Figure 3. Deletion of UBC4, but not UBC5, causes a defect in SPB size regulation.

(A) ubc4Δ, but not ubc5Δ, has a synthetic growth defect when combined with Spc110 cleavage. Strains were grown on YP RAFF/GAL plates at room temperature. (B) ubc4Δ has a more pronounced growth defect when combined with assembly mutant spc110-220 than ubc5Δ. Strains were grown on YPD plates at 25° and 37°. (C) Asynchronously growing ubc4Δ, but not ubc5Δ, cells show a defect in SPB size regulation. Strains were grown overnight at 23° in YPD liquid media to a cell density of 25 Klett units. α-factor was added to a concentration of 7.56 µg/ml at time zero and samples were taken and fixed in formaldehyde for imaging of the asynchronous cultures.
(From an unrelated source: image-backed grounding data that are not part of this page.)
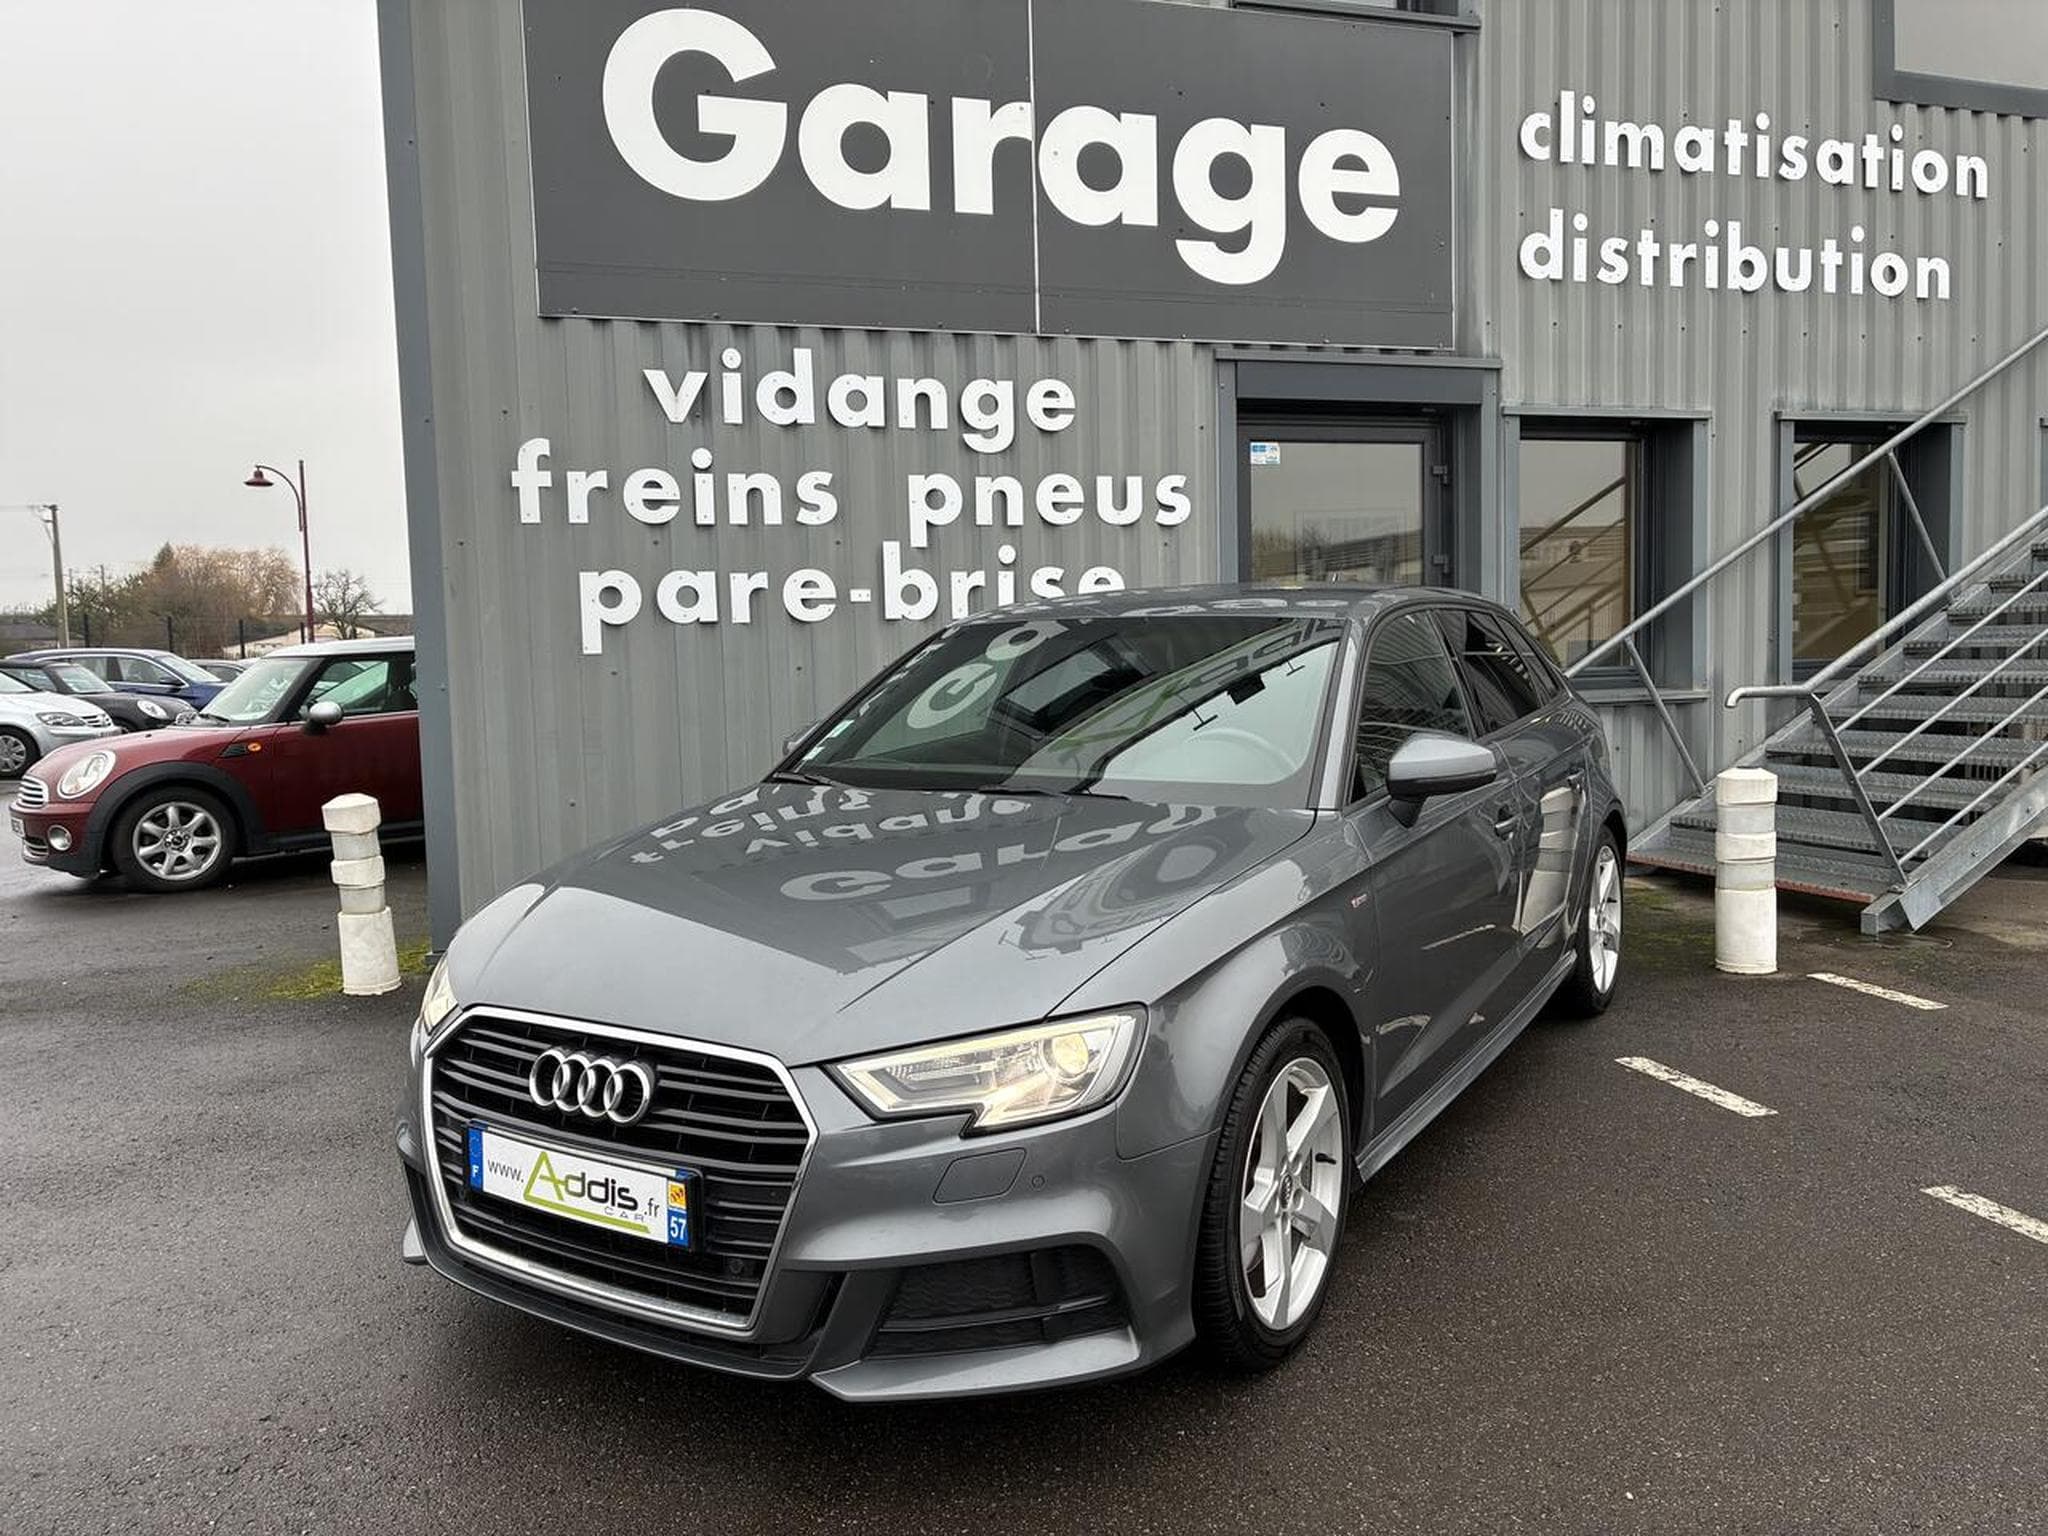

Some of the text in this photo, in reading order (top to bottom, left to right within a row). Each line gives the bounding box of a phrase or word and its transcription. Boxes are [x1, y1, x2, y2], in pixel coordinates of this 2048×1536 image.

[602, 8, 1400, 285] Garage
[1520, 90, 1988, 198] climatisation
[1519, 208, 1950, 299] distribution
[643, 347, 1076, 454] vidange
[511, 437, 1191, 547] freins pneus
[471, 1166, 480, 1177] F
[604, 1206, 645, 1221] CAR
[670, 1215, 687, 1240] 57
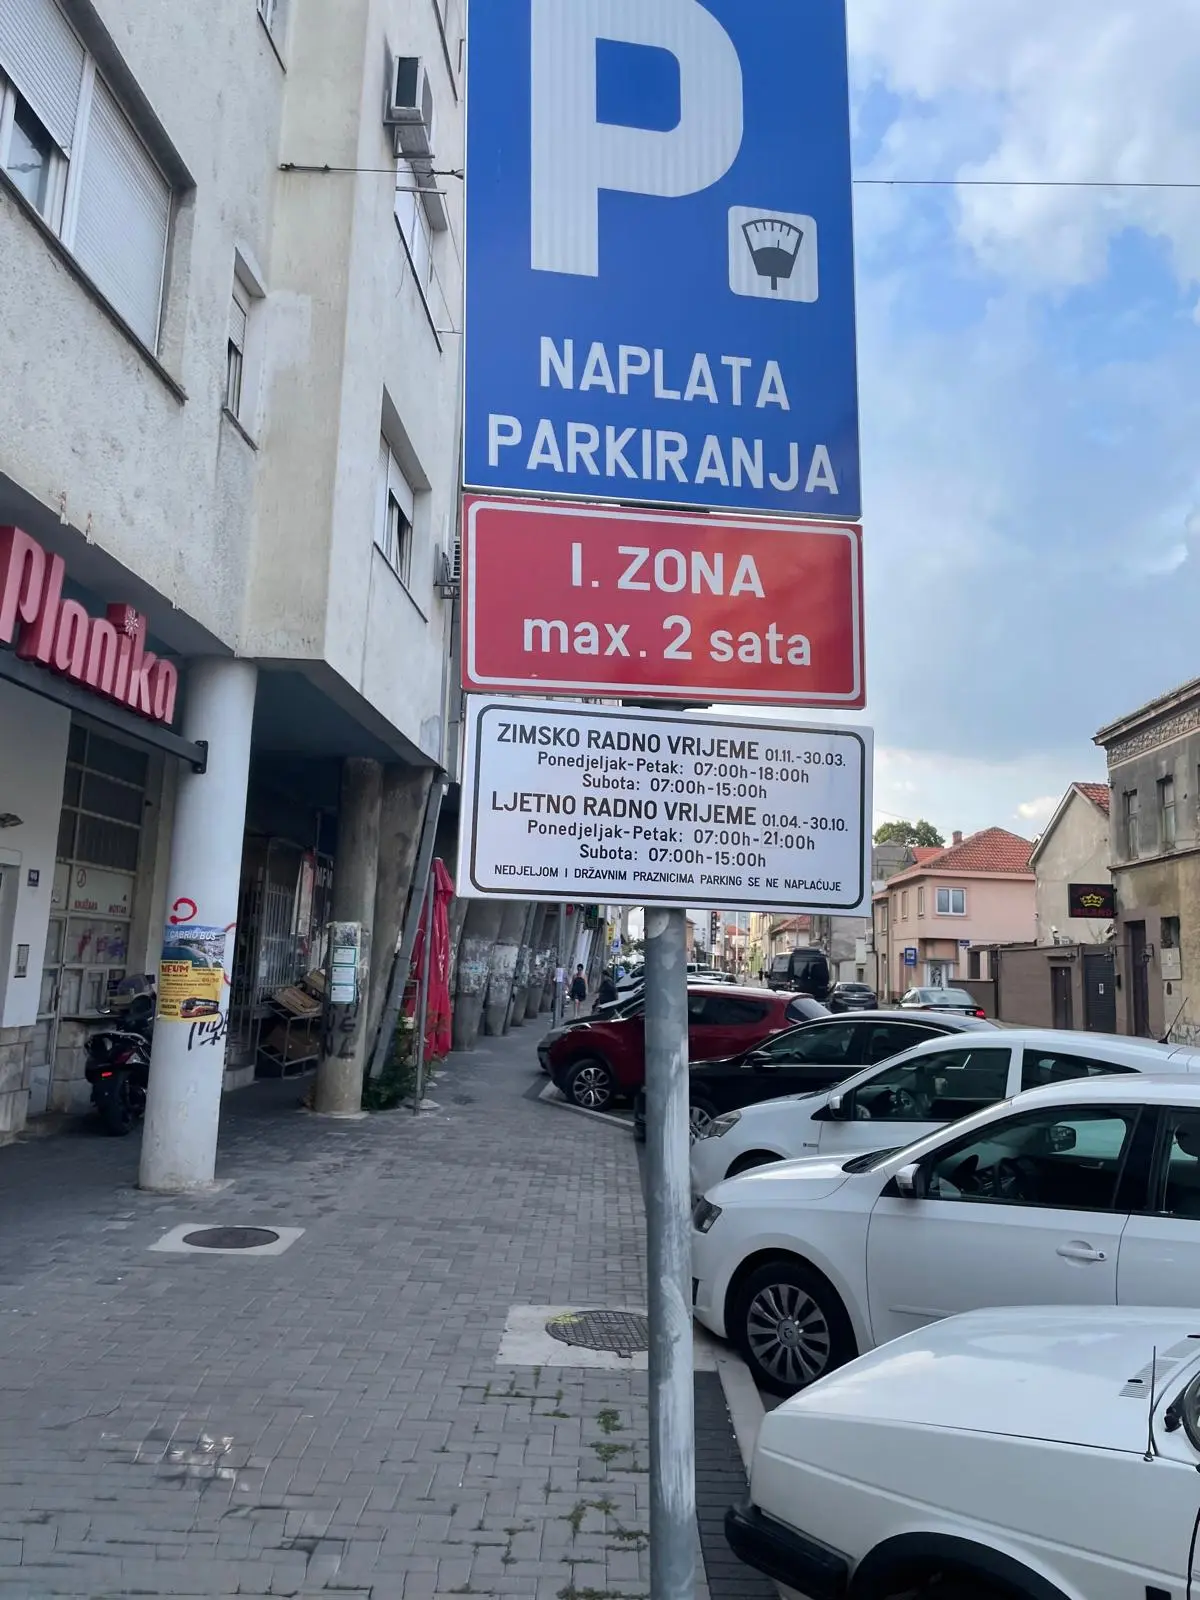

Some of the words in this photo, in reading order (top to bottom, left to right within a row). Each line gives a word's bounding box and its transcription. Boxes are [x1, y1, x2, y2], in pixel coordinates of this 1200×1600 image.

[531, 0, 743, 277] P
[539, 336, 790, 411] NAPLATA
[488, 413, 839, 495] PARKIRANJA
[571, 542, 599, 588] I.
[617, 545, 765, 598] ZONA
[0, 526, 178, 724] Planika
[523, 617, 646, 658] max.
[662, 615, 692, 661] 2
[709, 622, 811, 666] sata
[497, 722, 580, 748] ZIMSKO
[587, 729, 661, 753] RADNO
[667, 735, 760, 760] VRIJEME
[538, 751, 683, 774] Ponedjeljak-Petak:
[694, 762, 809, 783] 07:00h-18:00h
[582, 773, 640, 791] Subota:
[650, 778, 767, 798] 07:00h-15:00h
[492, 790, 576, 815] LJETNO
[583, 796, 657, 820] RADNO
[664, 801, 757, 826] VRIJEME
[527, 819, 683, 843] Ponedjeljak-Petak:
[580, 843, 638, 861] Subota:
[649, 848, 766, 868] 07:00h-15:00h
[494, 864, 559, 877] NEDJELJOM
[564, 868, 568, 878] I
[574, 866, 627, 881] DRŽAVNIM
[633, 871, 694, 884] PRAZNICIMA
[700, 874, 742, 887] PARKING
[748, 876, 760, 887] SE
[765, 877, 779, 888] NE
[784, 877, 841, 892] NAPLAĆUJE
[169, 930, 198, 939] CABRIO
[200, 930, 216, 940] BUS
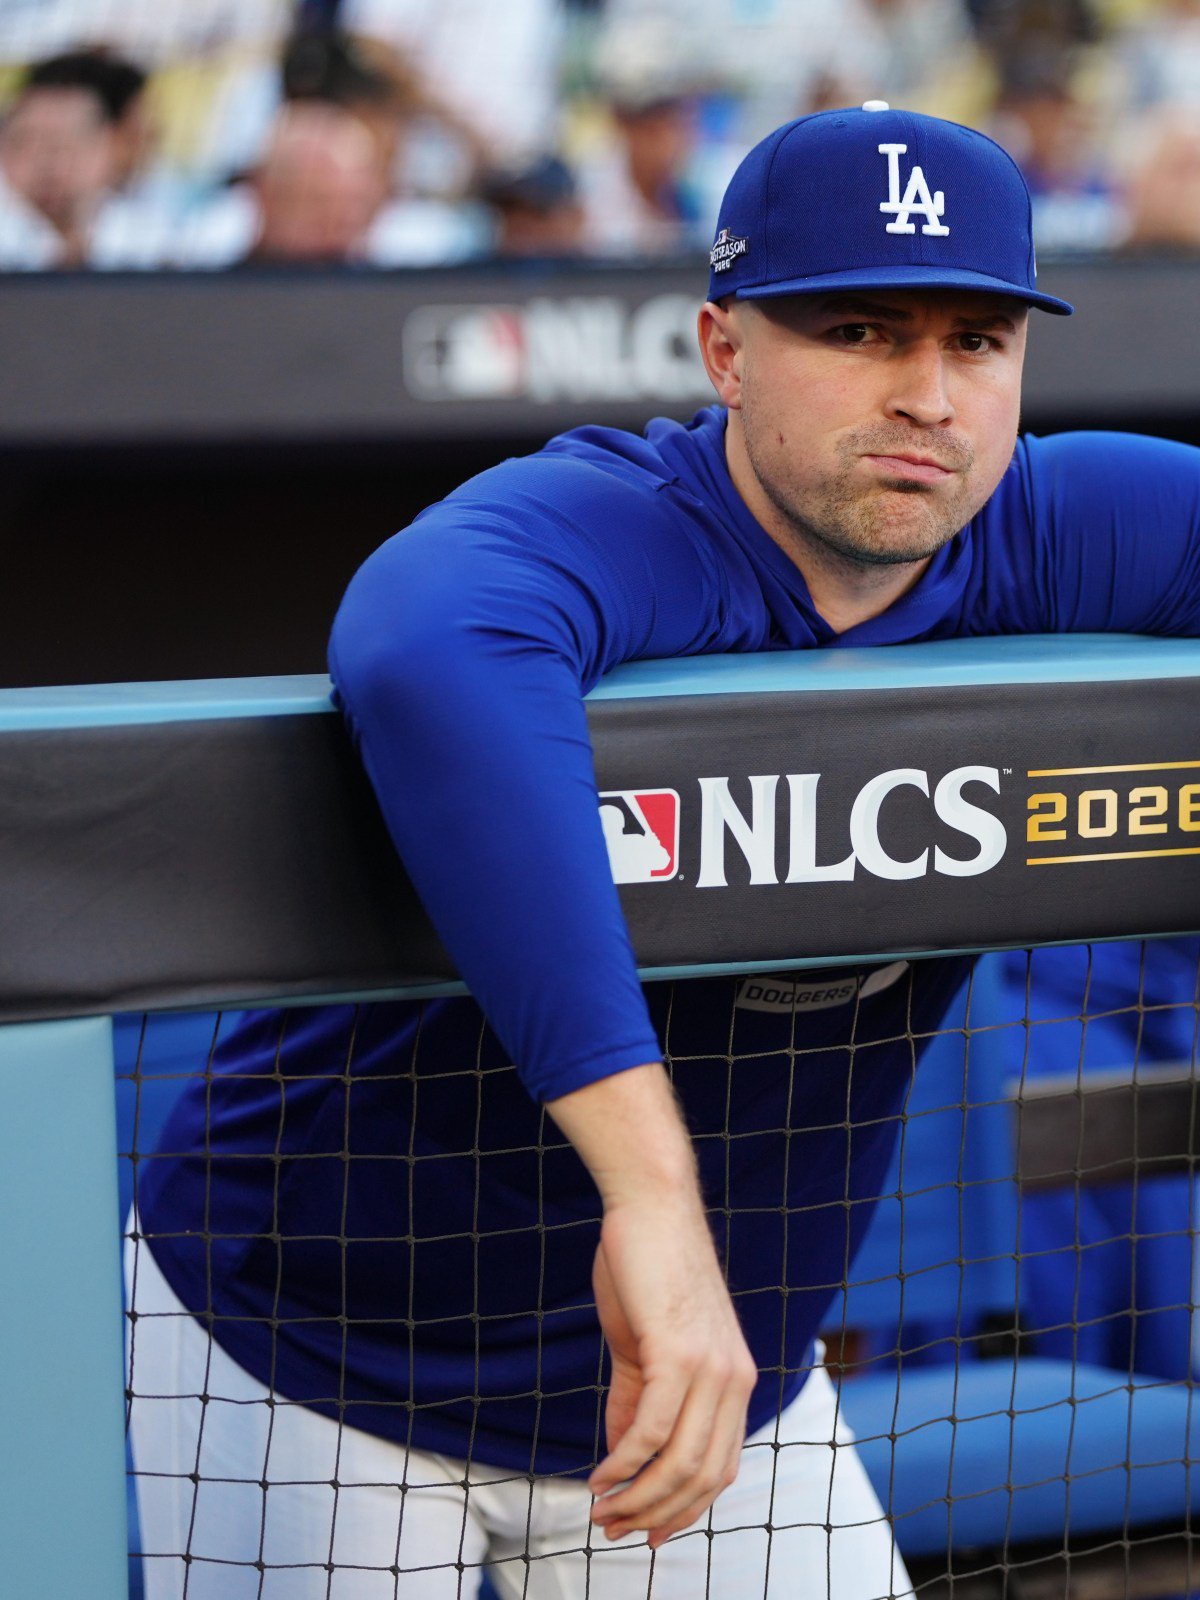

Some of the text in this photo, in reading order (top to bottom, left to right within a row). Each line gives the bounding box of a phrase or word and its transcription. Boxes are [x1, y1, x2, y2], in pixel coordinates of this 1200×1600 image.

Strains were then incubated at 23° for 3.5 hours (1.5 generations) and samples were taken from the G1 arrested cells and fixed in formaldehyde for imaging. SPB fluorescence of asynchronously growing and G1 arrested cells was measured and plotted as described. Best fit Gaussian curves were fit to each distribution and the wild type fit is overlaid in red on the ubc4Δ and ubc5Δ histograms for comparison. SPBs in the asynchronous population that were part of metaphase pairs were isolated and their SPB fluorescence values were also plotted. The distribution of SPB fluorescence after α-factor arrest shows a similar shift in wild type, ubc4Δ, and ubc5Δ cells, indicating that the mutant strains are able to reduce SPB size in α-factor as well as wild type.